La manifestazione non si è configurata come un semplice evento letterario fine a se stesso, ma come un’operazione di profonda coesione sociale e di rilancio territoriale. La partecipazione numerosa e sentita ha testimoniato la vitalità di un territorio che resiste allo spopolamento e si reinventa attraverso la bellezza e il turismo culturale. In questo scenario, la poesia è scesa dalle torri d'avorio per percorrere le strade, fondersi con i paesaggi e farsi dono condiviso tra la gente, dimostrando di poter essere un potente catalizzatore di cambiamento per le aree interne del Mezzogiorno. Il momento centrale e più atteso della giornata è stato l'inaugurazione ufficiale della "Biblioteca Poetica".
Come sottolineato con orgoglio dai promotori, la neonata struttura non sarà un semplice archivio polveroso o un freddo raccoglitore di volumi, bensì uno "spazio vivo di condivisione libera, dove ogni storia è preziosa e ogni voce è un dono". L'obiettivo dell'istituzione permanente è alimentare un circolo virtuoso di scambio gratuito: un punto di riferimento aperto al pubblico in cui chiunque potrà sfogliare una raccolta, leggere un verso o donare un libro. La Biblioteca Poetica custodirà per sempre il patrimonio di parole nato da questo gemellaggio culturale, offrendo al borgo un nuovo luogo di incontro e di futuro.

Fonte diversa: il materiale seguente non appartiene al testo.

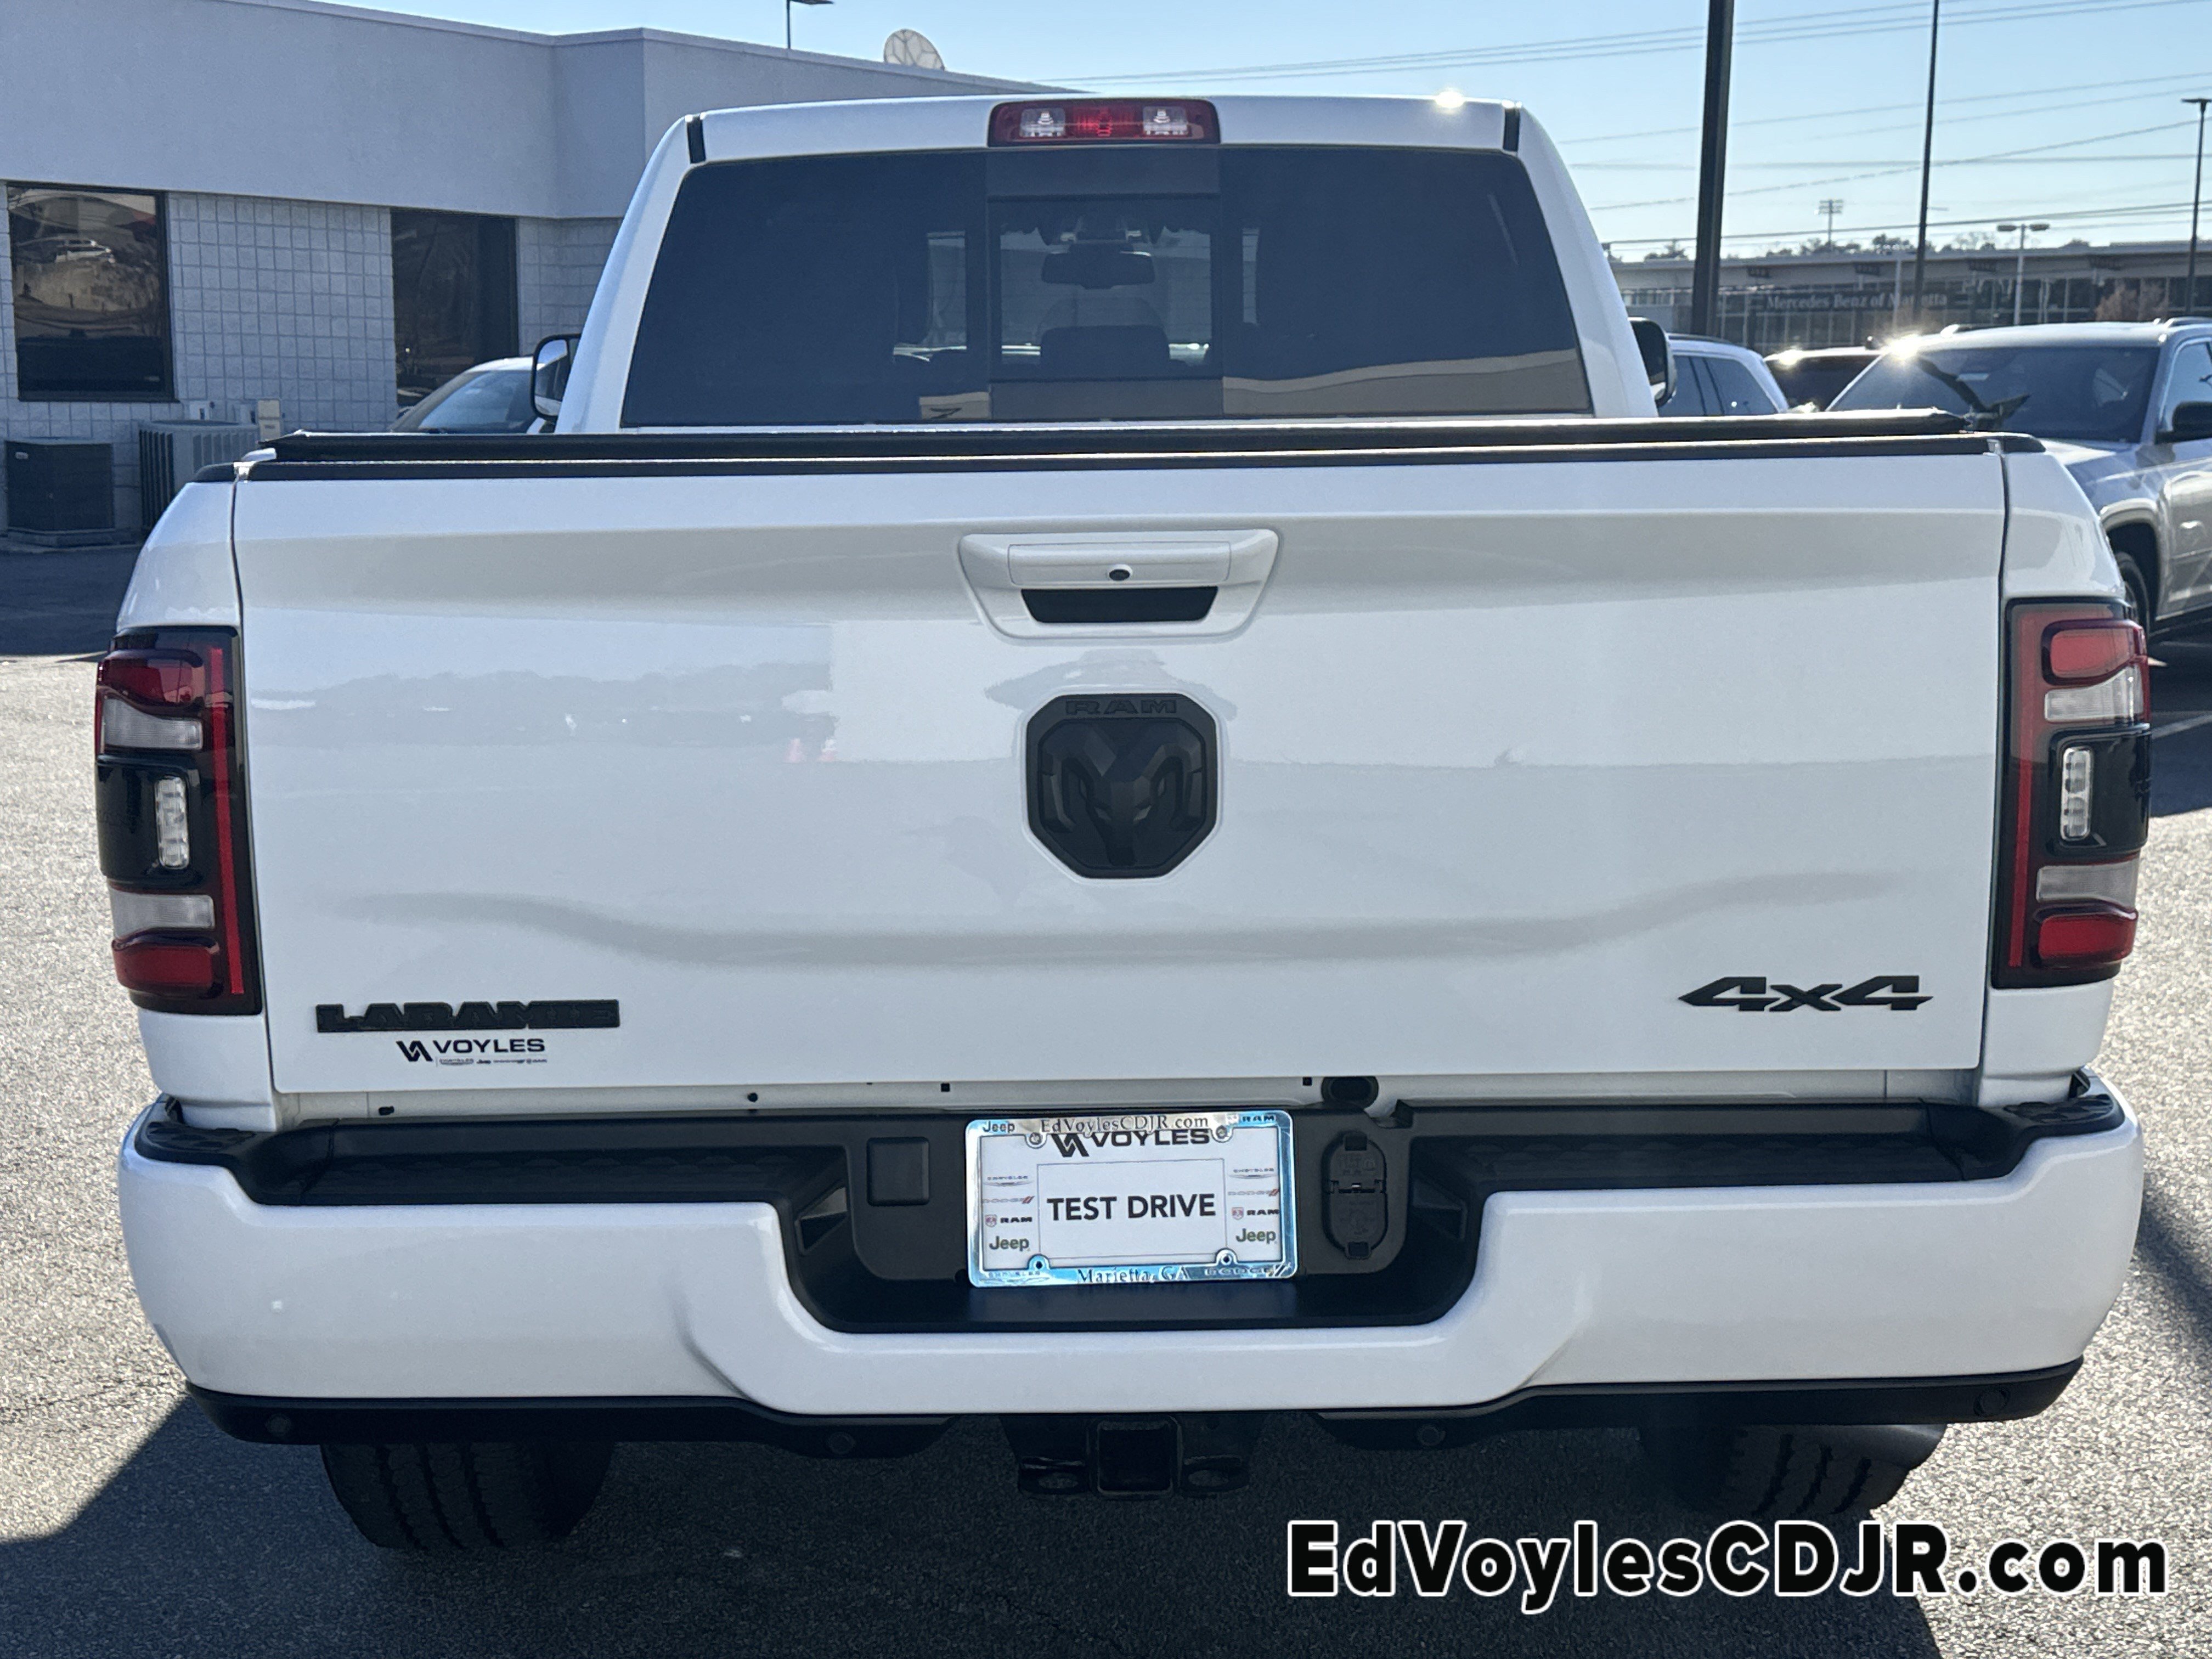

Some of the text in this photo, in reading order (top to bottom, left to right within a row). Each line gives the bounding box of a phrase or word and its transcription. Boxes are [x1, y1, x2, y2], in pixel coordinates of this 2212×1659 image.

"Il borgo è diventato un palcoscenico di emozioni", hanno commentato con profonda soddisfazione gli organizzatori, Carlo Campolongo e Emanuela Sammarco, dell'ATS Policastrello Vive: "Abbiamo visto come la poesia possa toccare le corde più profonde dell'anima e unire le persone, indipendentemente dalla loro provenienza geografica. Policastrello è stata, per un giorno, la capitale della parola che unisce e che costruisce ponti". L'eredità di "Policastrello è Poesia" va quindi ben oltre la cronaca di una singola giornata, la nuova Biblioteca Poetica rimarrà come presidio culturale permanente al servizio della comunità, un faro di speranza destinato a fiorire nel tempo per garantire un futuro più luminoso e coeso all'intero tessuto sociale del borgo storico.